The ProSim737 Avionics Suite is a twin-engine jetliner systems logic and avionics suite developed for Boeing 737 type cockpit builders by ProSim Aviation Research (ProSim-AR). It is designed to simulate the aircraft systems, such as hydraulics, pneumatics (bleed air), electrical, fuel, flight management, autopilot, cockpit displays, and more to create a authentic simulator experience. It also allows the integration and interfacing of physical cockpit hardware into Microsoft Flight Simulator X (FSX), Lockheed Martin’s Prepar3D (P3D), and Laminar Research’s X-Plane. ProSim-AR is based in the Netherlands.
This article is based on the ProSim737 version 1.42 official release. As of this writing, the latest official release version is v1.45.
ORDERING / PRICE (in Euros)
Purchased online at the ProSim-AR website – April 2015
€600 – Prosim737 3-in-1 modules non-commercial license
€50 – ProSim737 Flight Model non-commercial license
€650 – TOTAL COST
SHIPPING / PACKAGING
ProSim737 was ordered online and downloaded, so no shipping was involved.
The ProSim737 3-in-1 Suite arrives in a ZIP file containing multiple other ZIPped folders for all of the separate products, such as ProSim737 (the System), ProSimMCP, ProSimCDU, ProSimPanel, ProSimDisplay, and ProSimAudio.
ProSim-AR sells the CDU, Display, and MCP software separately, but I am not sure why. All three require the main System program to operate and are included when you purchase the full 3-in-1 option anyway.
DRIVERS / MANUALS
The ProSim737 Suite is technically a driver in itself. There are no other drivers needed.
There is a downloadable manual available on the ProSim-AR website. The last time I checked, the manual was written in 2012, but is still relevant. It is written in English and details the steps to install, configure, and update the ProSim737 Suite.
ASSEMBLY / INSTALLATION
No assembly is required, but the Pete Dowson’s popular FSUIPC interface library is required for ProSim737 and should be installed and setup first. ProSim doesn’t say if you need the “registered” version of FSUIPC, but I have it for other software anyway.
Installation of ProSim737 is simply to extract the downloaded ZIP file into a folder on your computer.
TIP: You should not put this folder within your “Program Files” directories as Windows UAC watches them way too closely. I just put it in the root of my FSX data drive.

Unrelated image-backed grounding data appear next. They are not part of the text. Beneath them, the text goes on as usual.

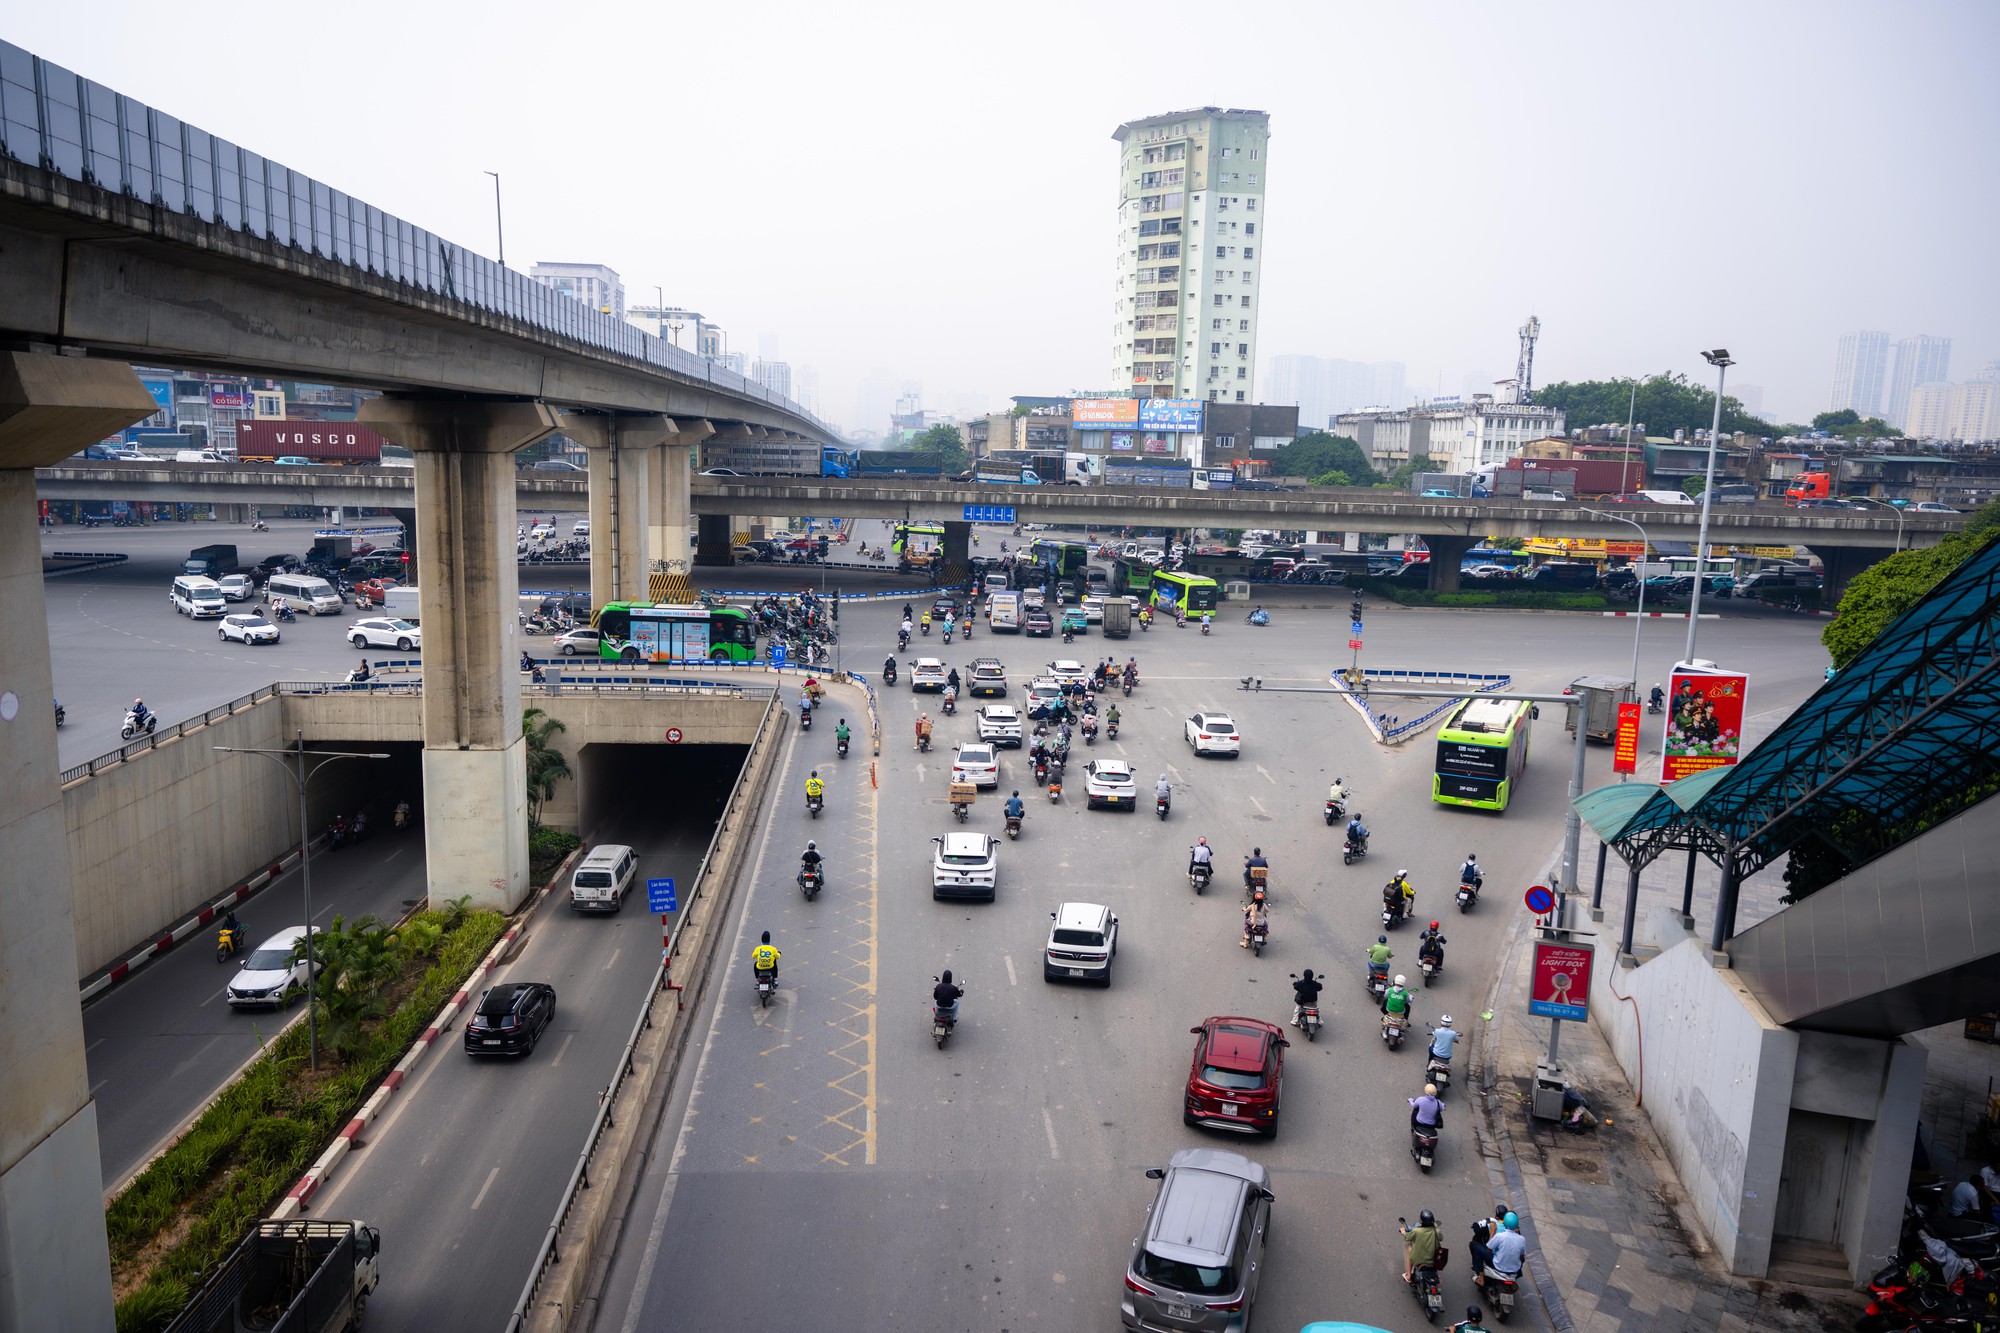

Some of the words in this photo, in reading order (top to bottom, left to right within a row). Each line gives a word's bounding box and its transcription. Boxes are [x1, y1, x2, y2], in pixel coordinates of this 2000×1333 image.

[216, 396, 226, 404] có
[1154, 400, 1166, 408] SP
[1482, 404, 1546, 415] NACENTECH
[276, 432, 356, 445] VOSCO
[760, 948, 771, 958] be
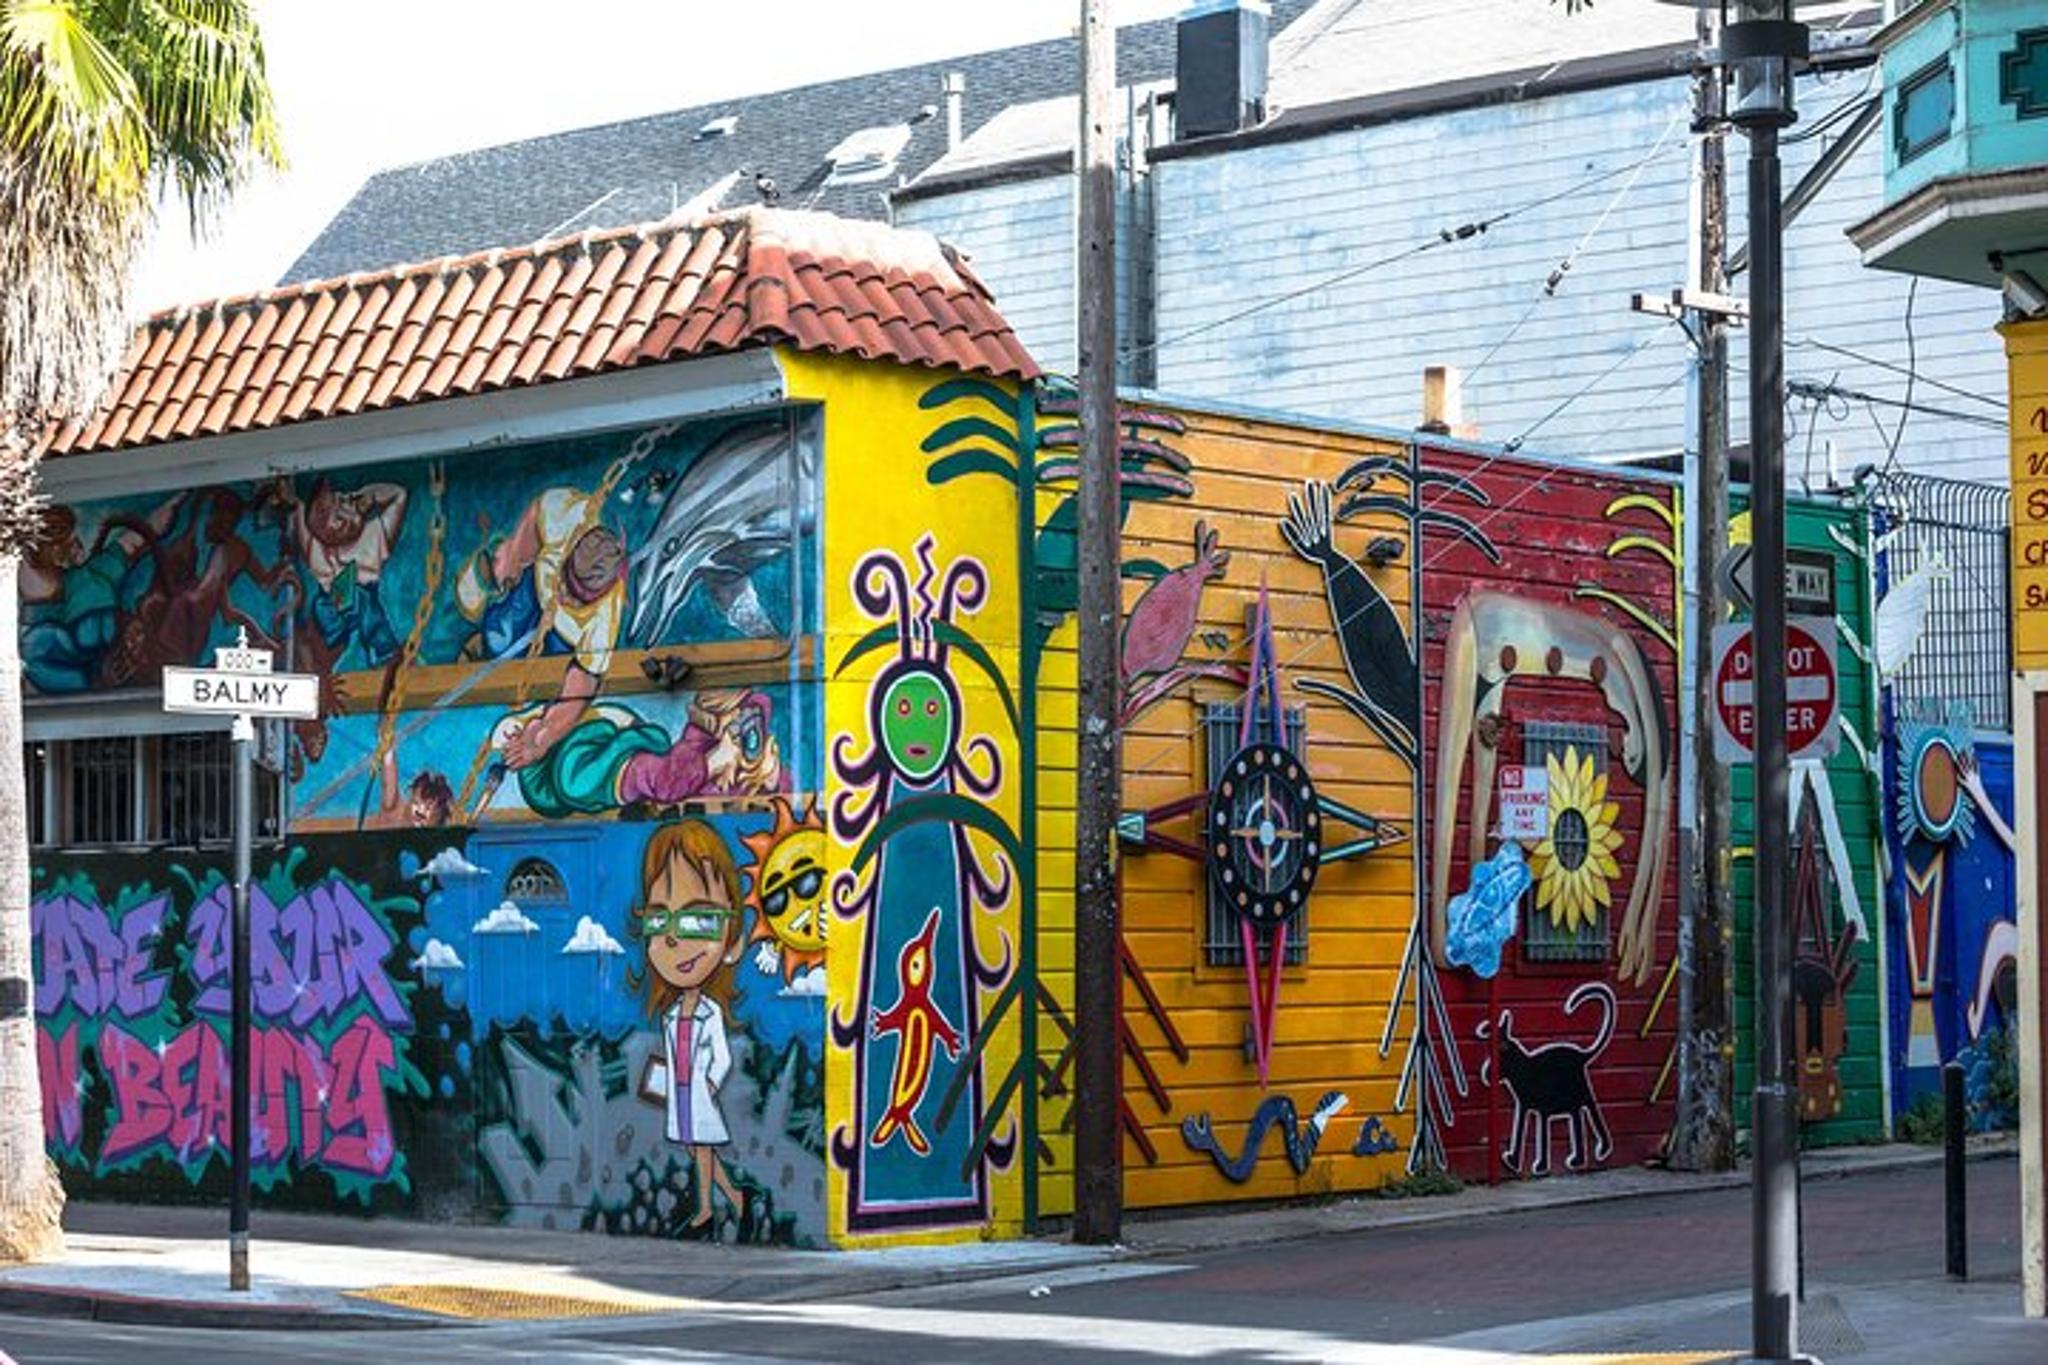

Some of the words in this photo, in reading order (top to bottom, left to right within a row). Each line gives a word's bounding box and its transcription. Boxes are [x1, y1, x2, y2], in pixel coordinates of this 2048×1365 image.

I recommend downloading the Navigation database and terrain package from the ProSim-AR website. These will be used later to update ProSim737.
INTEGRATION / OPERATION
Getting ProSim737 Suite up and running is a little complex at first, but the manual details it quite well. Once you unZIP the downloaded suite, it has multiple smaller ZIPped folders inside containing each module. These contain the Windows executables needed for each module to run. UnZIP the modules you need and I will do my best to describe each of them.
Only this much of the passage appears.